Organ procurement failure in a tertiary government hospital in the Philippines: why are we losing our potential donors?
Delbrynth M Smigel1, Julie Ann Kristy L Torres2, Shafiq Dexter B Abou Zaki2, Fiona Therese Beldua3, Ayla Angelica Carreon-Ysulat3, Giannina Krishna Go-Ong2, Maria Theresa L Bad-ang3.
1Division of Trauma and Surgical Critical Care, Department of Surgery, Southern Philippines Medical Center, Davao City, Philippines; 2Section of Neurology, Department of Internal Medicine, Southern Philippines Medical Center, Davao City, Philippines; 3Section of Nephrology, Department of Internal Medicine, Southern Philippines Medical Center, Davao City, Philippines
Background: Deceased donor organ donation in the Philippines remains to be one of the lowest in the world. Differences in religion, ethnicity, education, unavailability of proper equipment and trained personnel for organ retrieval, and lack of government support are few of the factors that have contributed to the steady decline of organ donors in the country. The purpose of this study was to describe the causes of organ procurement failure in our setting.

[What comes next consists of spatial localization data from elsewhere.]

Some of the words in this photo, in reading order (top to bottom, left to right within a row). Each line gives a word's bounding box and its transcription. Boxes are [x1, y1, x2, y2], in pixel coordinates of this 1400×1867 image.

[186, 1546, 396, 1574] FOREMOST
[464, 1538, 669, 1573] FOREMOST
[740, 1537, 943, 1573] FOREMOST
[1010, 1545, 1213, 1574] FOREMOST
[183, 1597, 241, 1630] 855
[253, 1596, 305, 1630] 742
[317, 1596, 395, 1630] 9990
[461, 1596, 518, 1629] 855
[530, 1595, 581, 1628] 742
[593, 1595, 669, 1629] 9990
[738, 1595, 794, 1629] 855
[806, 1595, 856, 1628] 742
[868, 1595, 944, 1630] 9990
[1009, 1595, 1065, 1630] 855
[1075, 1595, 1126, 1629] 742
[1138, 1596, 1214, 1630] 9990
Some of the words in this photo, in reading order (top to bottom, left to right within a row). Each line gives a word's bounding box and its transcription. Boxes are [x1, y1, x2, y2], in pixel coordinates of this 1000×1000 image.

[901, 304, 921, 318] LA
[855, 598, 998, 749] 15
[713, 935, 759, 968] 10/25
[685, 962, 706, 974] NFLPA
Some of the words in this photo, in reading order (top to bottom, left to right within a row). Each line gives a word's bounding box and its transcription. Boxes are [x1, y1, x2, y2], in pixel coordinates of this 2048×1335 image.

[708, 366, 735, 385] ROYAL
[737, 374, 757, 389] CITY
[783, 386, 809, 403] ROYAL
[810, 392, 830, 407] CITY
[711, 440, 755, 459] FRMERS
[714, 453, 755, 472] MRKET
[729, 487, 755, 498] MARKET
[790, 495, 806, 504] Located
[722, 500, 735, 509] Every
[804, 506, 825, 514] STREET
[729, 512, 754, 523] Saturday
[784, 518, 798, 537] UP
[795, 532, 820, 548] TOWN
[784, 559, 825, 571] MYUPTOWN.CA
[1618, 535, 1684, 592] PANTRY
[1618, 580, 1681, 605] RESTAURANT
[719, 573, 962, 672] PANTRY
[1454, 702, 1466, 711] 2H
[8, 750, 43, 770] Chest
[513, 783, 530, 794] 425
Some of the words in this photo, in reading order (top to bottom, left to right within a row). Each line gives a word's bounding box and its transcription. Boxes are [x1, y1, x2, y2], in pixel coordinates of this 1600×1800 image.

Methods: A retrospective review of the charts of potential donors listed in the Southern Philippines Medical Center (SPMC) Human Advocate Retrieval Effort (SHARE) database from February 1, 2022 to April 12, 2023 was done. Demographics, clinical characteristics, and procurement information were collected. The causes of non-eligibility of potential donors, as well as failure of organ procurement for eligible donors were identified.
Results: For the 14-month study duration, there were 63 potential donors referred to the SHARE Team. The median age of the patients was 46 years, 42 (66.7%) were males, 61 (96.8%) were Christians, and 2 (3.2%) were Muslims. 30 (47.6%) patients were admitted due to Trauma while 33 (52.4%) were non-Trauma cases. There were only 11 (17.5%) patients who were eligible. Non-eligibility were mainly due cardiac death prior to brain death (BD) diagnosis (77.8%), with some cases of malignancy (1.6%), active pulmonary tuberculosis (1.6%), and progression to end-stage renal disease (1.6%). Of the eligible patients, family refusal (7.9%) and death prior to organ procurement (6.3%) were the causes for procurement failure. There were only 2 (3.2%) patients who donated, all of which were eye tissues only.
Conclusion: We identified that our institution needs a lot of work in maintaining our potential donors long enough until BD diagnosis, as well as our eligible donors until organ procurement. While there is a limitation in equipment, infrastructure, and manpower in our setting, these identified causes must be addressed urgently to increase our procurement rate.